Damned Statistics

WordPress helpfully provide me with statistics. Number of views, visitors, even what countries they come from and sources of referral where a link was clicked from elsewhere.

I’ve been looking at them from time to time to try and get a handle on what’s going on out there. I trust the statistics. You can never be quite sure if these things are 100% accurate but for the purposes of this argument I shall assume this is so.

I have chosen to “follow” five blogs. Violet makes me smile and the other four (deborahlove, Robert Okaji, Shadows of Iris, Thoughts and Views) have poetry that I have enjoyed reading. I actually like them. I only have so much time and will not “follow” more blogs than I care to read.

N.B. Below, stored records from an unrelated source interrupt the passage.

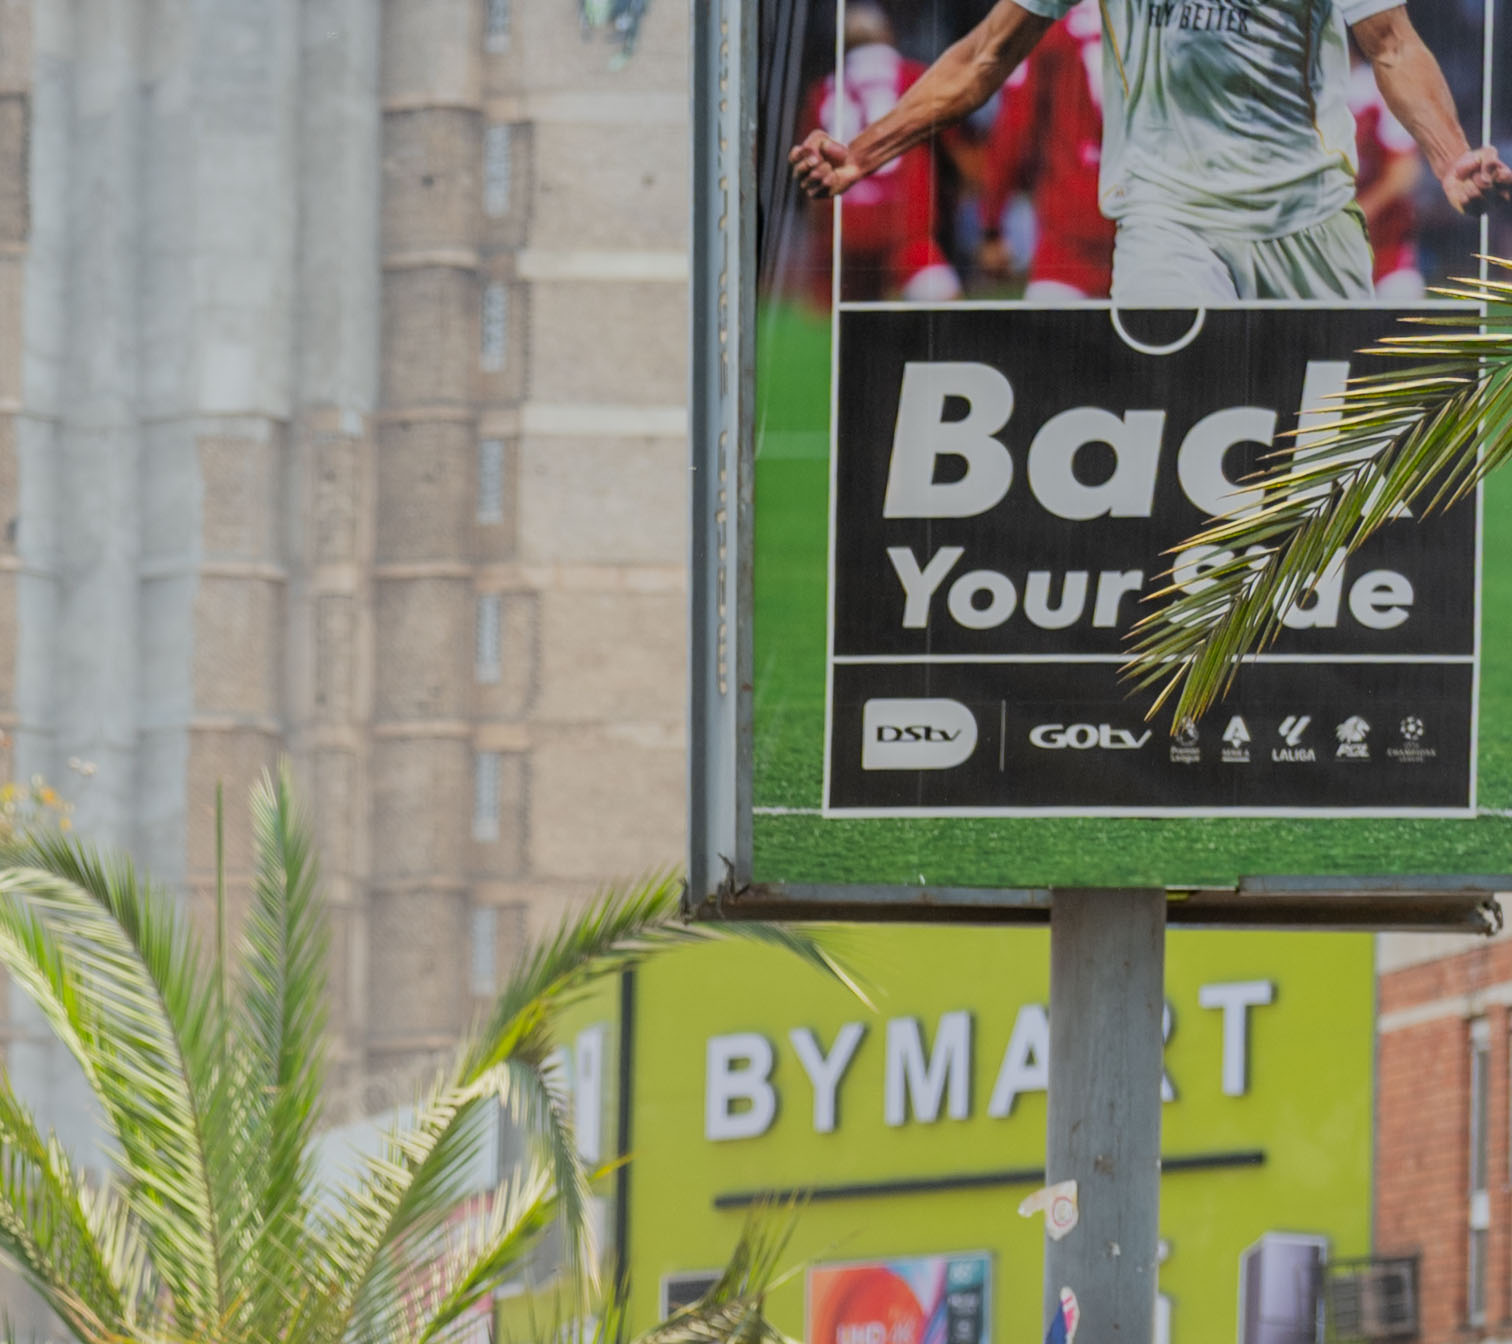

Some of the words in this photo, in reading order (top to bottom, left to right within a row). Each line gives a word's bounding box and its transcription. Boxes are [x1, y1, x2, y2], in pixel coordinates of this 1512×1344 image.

[1179, 4, 1248, 33] BETTER
[886, 546, 1144, 629] Your
[877, 725, 962, 742] DStv
[1029, 723, 1152, 749] GOtv
[1272, 748, 1316, 762] LALIGA
[706, 979, 1272, 1142] BYMAT
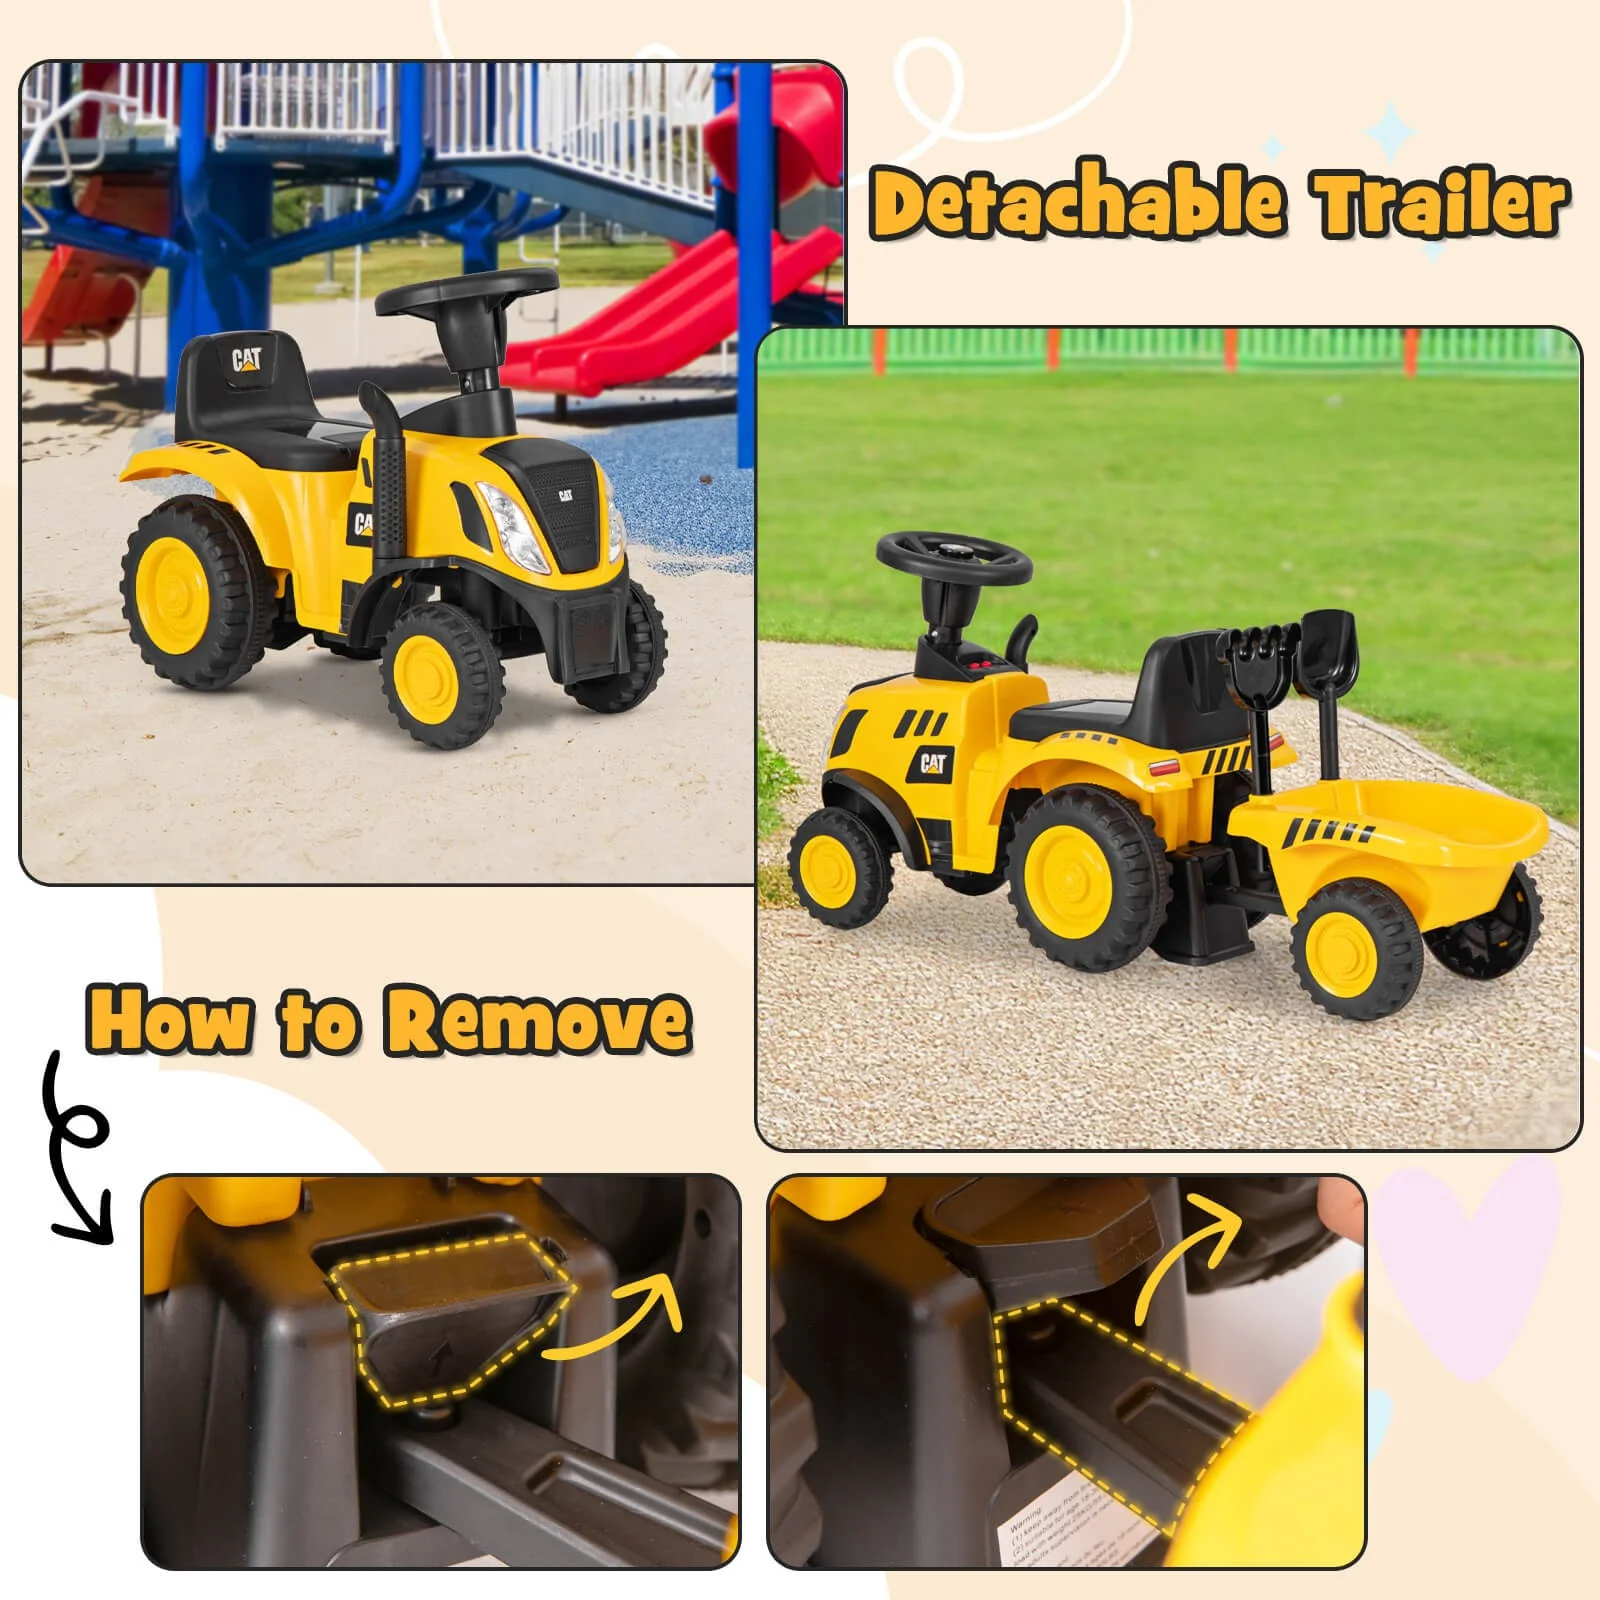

I have a couple of “followers” who do not seem to have actually viewed or read anything I have written, and a bunch of “likes” that are similar. Out of interest I have had a look at most of them. A couple are self-publishing authors. It’s not hard to run through a list of blogs on the WordPress front page and click “like” and “follow” indiscriminately. There may even be software available that will do it for you. What they have got out of me is a view, which boosts their own statistics, and exposure to their self-promotion and advertising. Their books look terrible. And the pattern of blog posting they employ appears to me to be following a prescriptive template likely to have been learned on some social media marketing course or other.

It’s the internet equivalent of cold calling.

Well, screw that. Most advertising and marketing relies on a basic principle that humans operate transactionally. And our emotions are duped. Especially in this arena where the currency is “like” and “follow”.

It would be interesting to know how much credence external advertisers place in the statistics for views, likes and followers on blogs as evidence that their paid plugging will actually be seen. If they have any sense they will only pay “per click” of course, for actual traffic, in which case the chasing of artificially inflated statistics is quite pointless.